Even now, she said, the children who go to school must get up "super early" in the morning to finish chores first. Only children who have sponsors can afford an education, and the ones who get to attend school are incredibly grateful.

Many students the Poli-Laddises met assumed all Americans knew one another and would ask the family to deliver messages to sponsors like, "I just want them to know how much I love them. I hope I get to meet them someday."

The Poli-Laddises met their own sponsored students: high-schooler Tsubi, who also goes by "Fred;" and Esther, who's 11 or 12 years old.

On one day of the trip, Zoe attended classes with Esther to experience education in Uganda from the viewpoint of a student. Zoe admitted she didn't get a lot of classwork done, since the students were fascinated by her presence and clamored all at once, "Who is the president [of America]? Do you know Superman or the Hulk or Ironman? Are they real?"

"I've heard a lot about them," was Zoe's tactful response.

Esther was shy, but Tsubi, who wants to study both agriculture and art, gave Zoe's brother paintings and an entire book of drawings he had done. Tsubi ended up at the orphanage founded by The Giving Circle after both of his parents died of HIV/AIDS.

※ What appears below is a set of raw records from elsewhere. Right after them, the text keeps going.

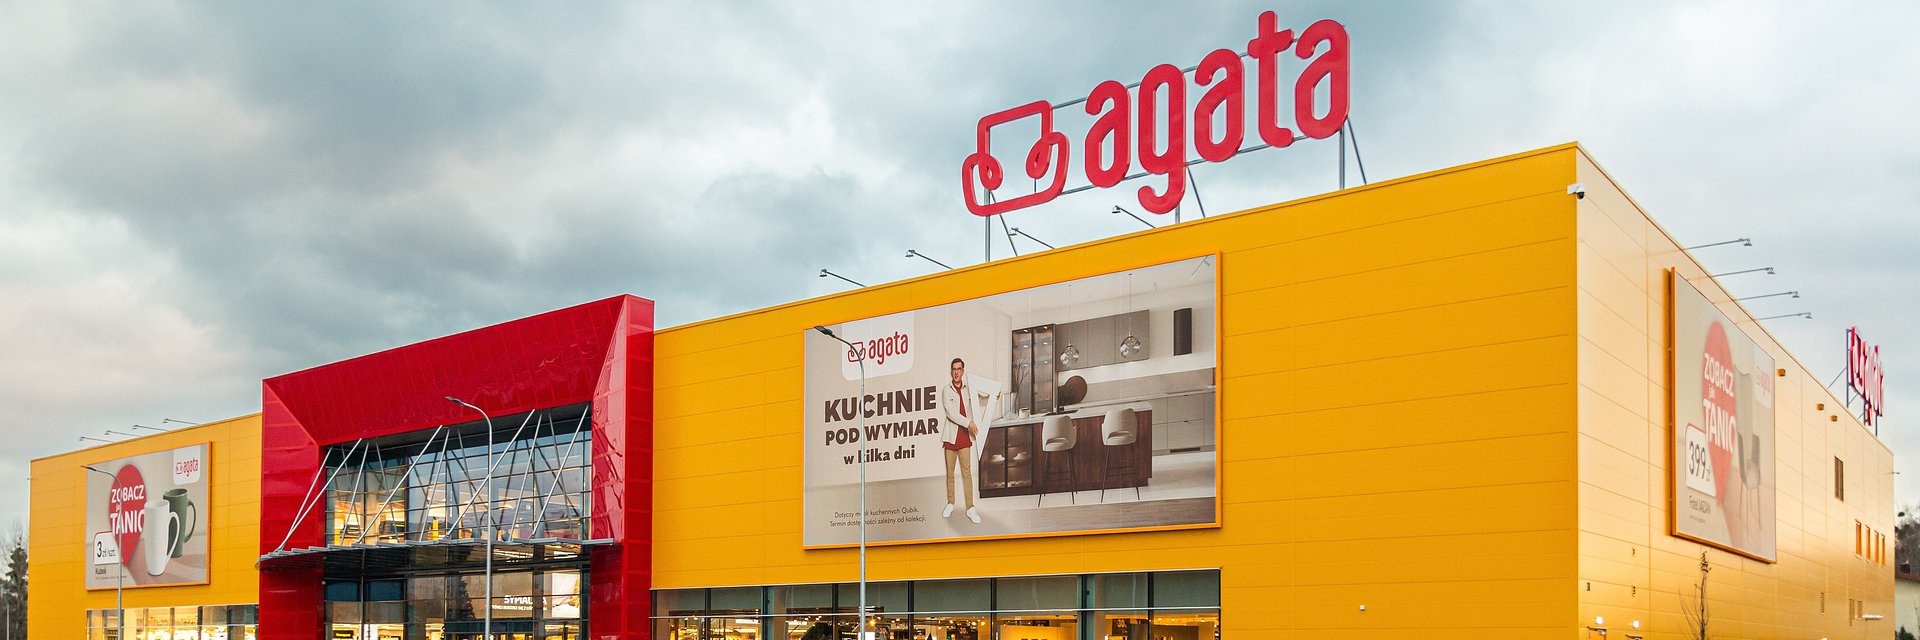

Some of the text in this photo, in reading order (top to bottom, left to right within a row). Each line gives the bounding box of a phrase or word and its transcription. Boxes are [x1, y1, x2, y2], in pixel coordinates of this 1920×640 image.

[1085, 10, 1350, 214] agata
[869, 331, 909, 365] agata
[1703, 352, 1734, 397] ZOBACZ
[824, 386, 937, 423] KUCHNIE
[825, 418, 939, 446] POD WYMIAR
[1702, 398, 1737, 454] TANIO
[183, 457, 199, 477] agata
[844, 455, 854, 465] w
[894, 445, 915, 460] dni
[1688, 440, 1706, 480] 399
[111, 484, 145, 504] ZOBACZ
[834, 511, 854, 519] Dotyczy
[870, 507, 900, 516] kuchennych
[847, 518, 877, 527] dostęności
[877, 516, 896, 525] zależny
[96, 541, 103, 558] 3

Since none of the children at the orphanage know their birthdays, Zoe threw one party for all 15 children there. Dr. Poli told The Evangelist she was surprised to see her daughter take the lead on decorating and choosing party favors like Frisbees and balls, saying, "I've got this."

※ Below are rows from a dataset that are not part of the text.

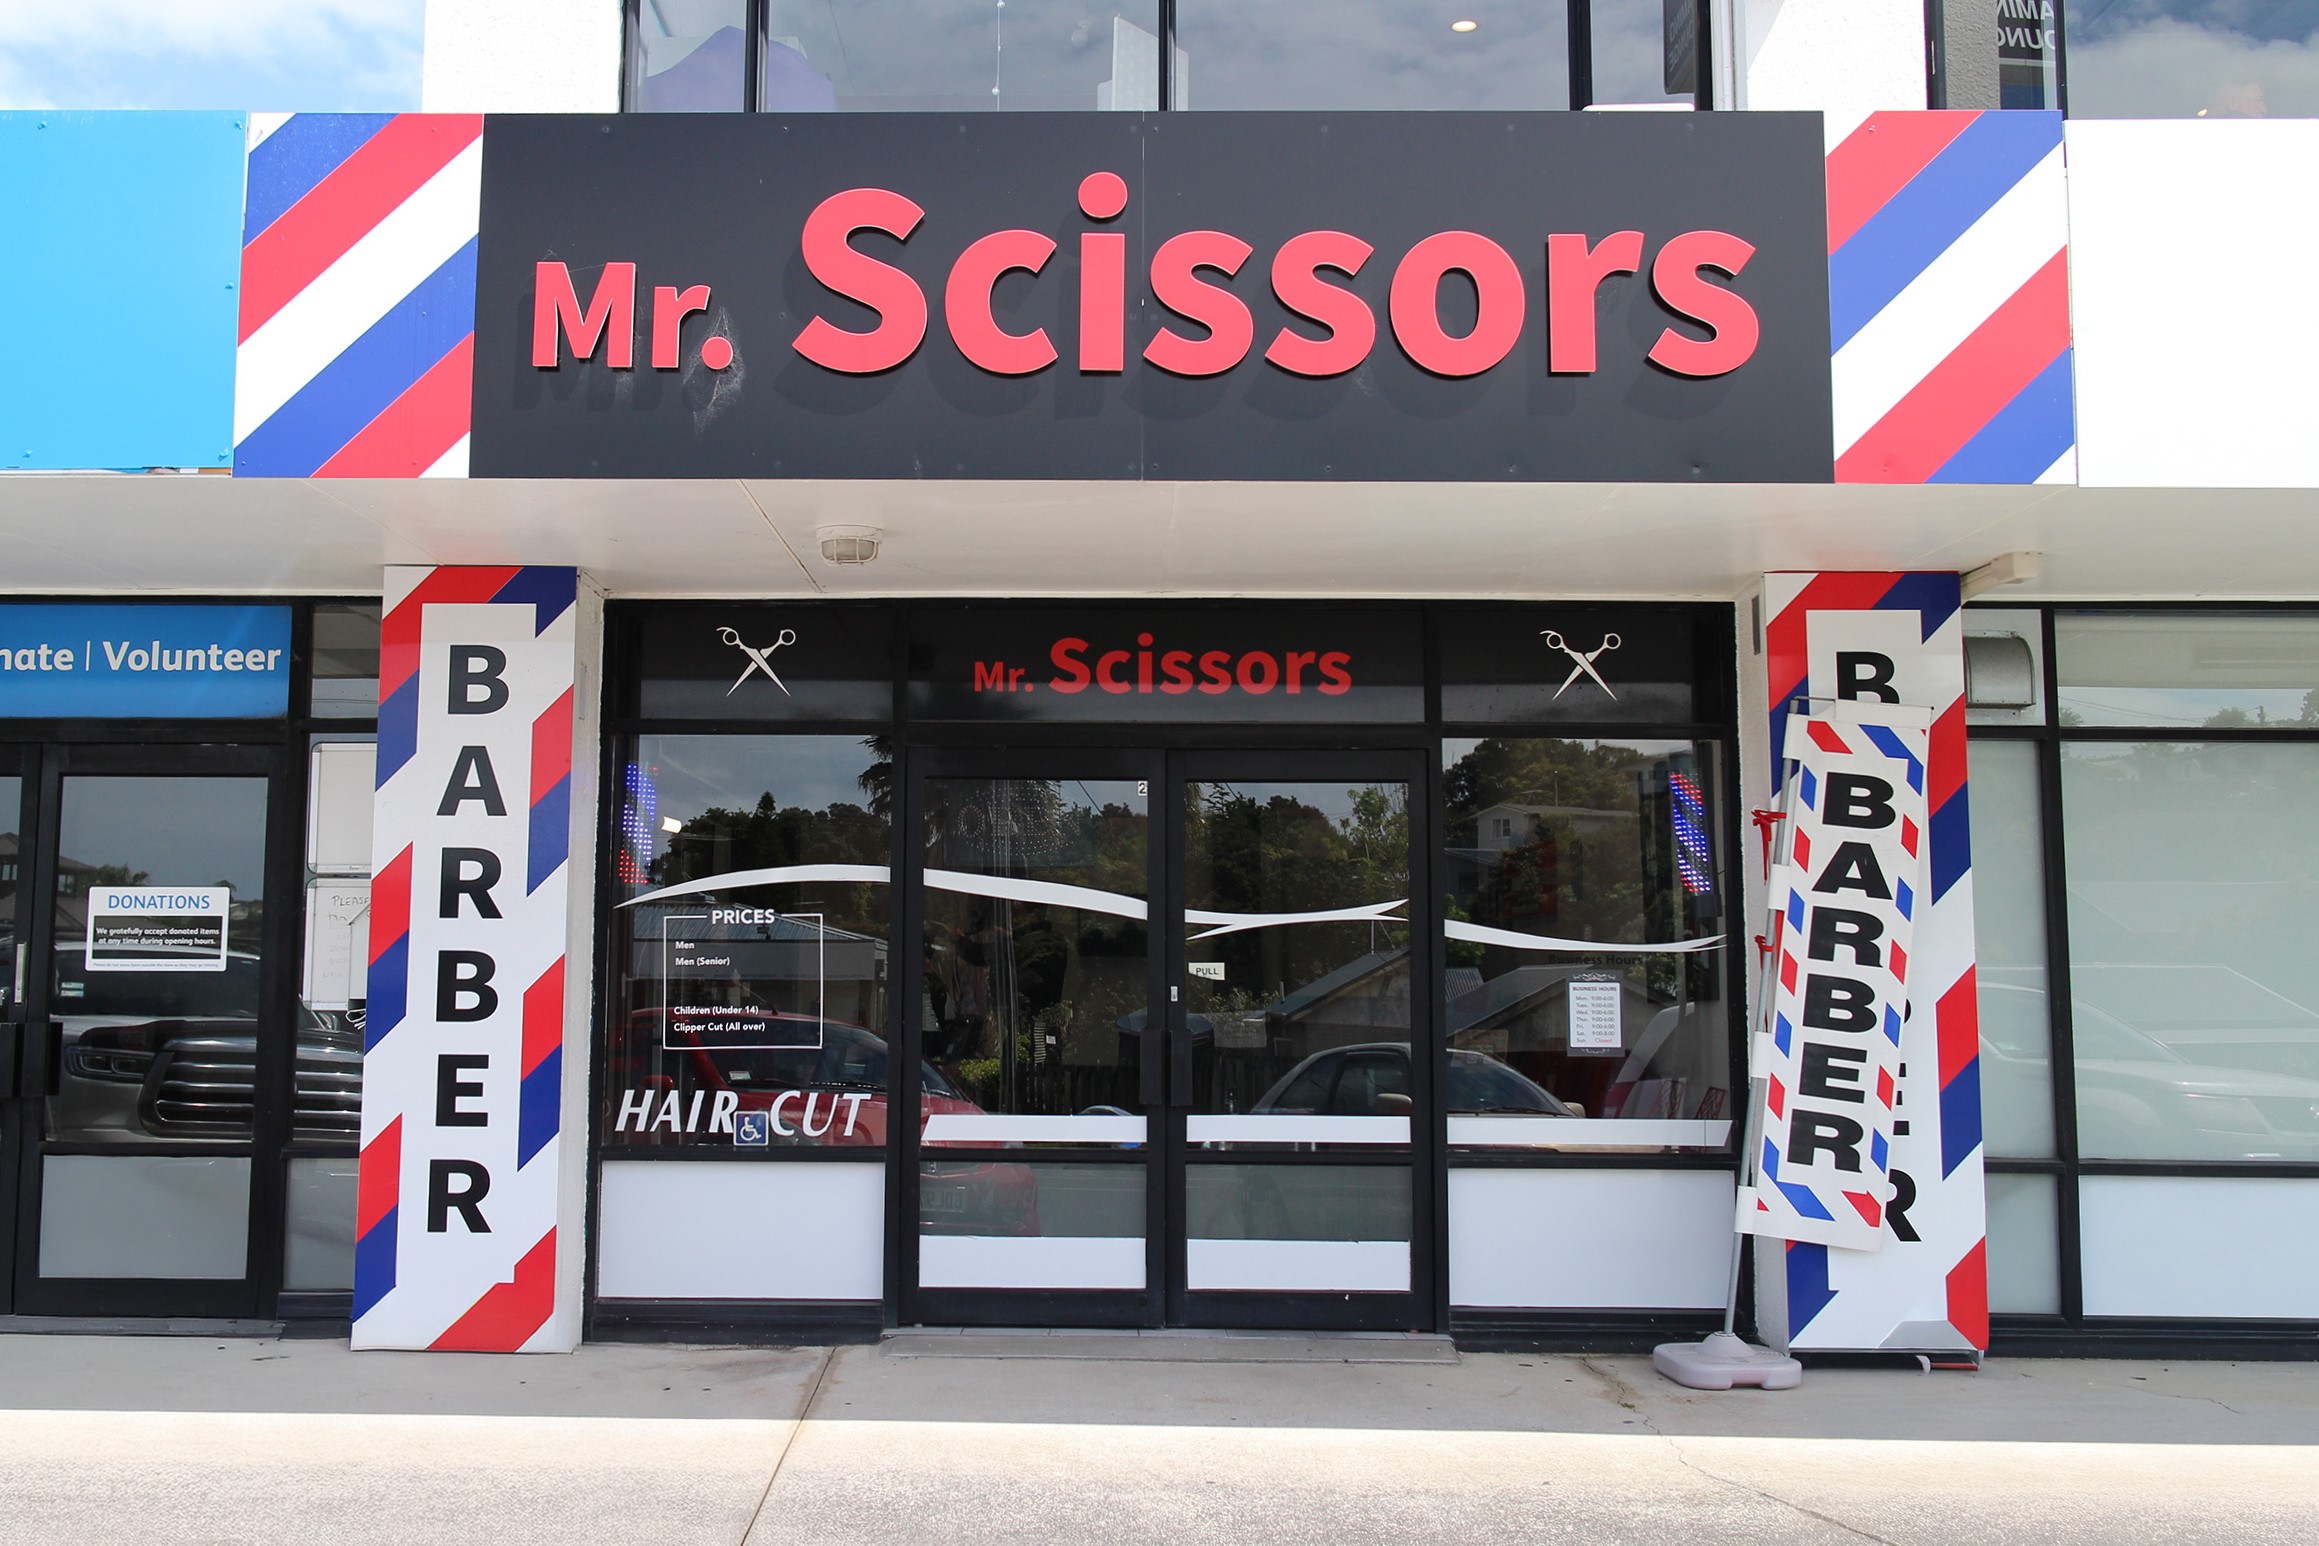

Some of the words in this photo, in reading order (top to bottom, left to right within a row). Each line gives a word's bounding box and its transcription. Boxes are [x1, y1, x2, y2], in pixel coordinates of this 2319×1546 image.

[532, 261, 734, 370] Mr.
[792, 171, 1759, 376] Scissors
[103, 640, 282, 672] Volunteer
[973, 661, 1034, 693] Mr.
[1048, 632, 1352, 696] Scissors
[1138, 781, 1147, 795] 2
[108, 895, 210, 909] DONATIONS
[711, 909, 775, 925] PRICES
[96, 927, 108, 935] We
[109, 927, 143, 936] gratefully
[144, 928, 168, 936] accept
[169, 927, 199, 935] donated
[200, 927, 220, 935] items
[426, 643, 509, 1234] BARBER
[122, 937, 139, 945] time
[140, 937, 163, 946] during
[164, 938, 193, 946] opening
[194, 937, 216, 945] hours.
[675, 958, 695, 966] Men
[696, 957, 730, 967] (Senior)
[1548, 954, 1602, 965] Business
[1606, 954, 1643, 965] Hours
[1195, 967, 1219, 976] PULL
[1787, 771, 1896, 1174] BARBER
[673, 1006, 711, 1015] Children
[712, 1005, 742, 1015] (Under
[745, 1005, 759, 1015] 14)
[673, 1022, 706, 1034] Clipper
[707, 1022, 724, 1031] Cut
[725, 1022, 741, 1031] (All
[742, 1022, 766, 1031] over)
[614, 1089, 739, 1134] HAIR
[769, 1090, 872, 1137] CUT

The trip had a big impact on Zoe. She's now more aware of issues affecting the Third World and wants to become more involved in resolving them. She said she may become a doctor like her parents someday, so "I could go back [to Uganda] and help out."

Dr. Poli recalled buying coffee after the trip and thinking, "That could buy a month's worth of meals" for a child in Africa. Having worked at The Giving Circle's health clinic in Uganda, she said she saw an infant dying of starvation and realized that the single mother could not take the baby to a hospital and leave her four other children unattended.

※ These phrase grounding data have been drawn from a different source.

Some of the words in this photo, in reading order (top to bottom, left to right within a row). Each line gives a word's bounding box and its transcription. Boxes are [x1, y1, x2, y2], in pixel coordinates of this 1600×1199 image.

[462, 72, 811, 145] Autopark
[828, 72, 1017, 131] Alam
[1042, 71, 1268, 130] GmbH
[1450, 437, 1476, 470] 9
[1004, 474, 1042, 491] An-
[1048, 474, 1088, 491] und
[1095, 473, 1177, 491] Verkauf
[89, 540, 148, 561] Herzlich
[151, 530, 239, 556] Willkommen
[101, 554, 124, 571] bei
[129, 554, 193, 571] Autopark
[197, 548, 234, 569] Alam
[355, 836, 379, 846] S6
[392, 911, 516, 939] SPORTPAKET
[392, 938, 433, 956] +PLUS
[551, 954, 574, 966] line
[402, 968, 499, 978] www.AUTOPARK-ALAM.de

Dr. Poli felt helpless. She quoted Mr. Bertrand, the co-founder of The Giving Circle, who insists that "education is the way to change this" cycle of poverty in Africa.

Zoe, for her part, learned about gratitude: how much more the Ugandan children appreciate what they have, compared to Americans; and "how little we [have to] give up that can change their lives.

"I hope to be able to go back," she said.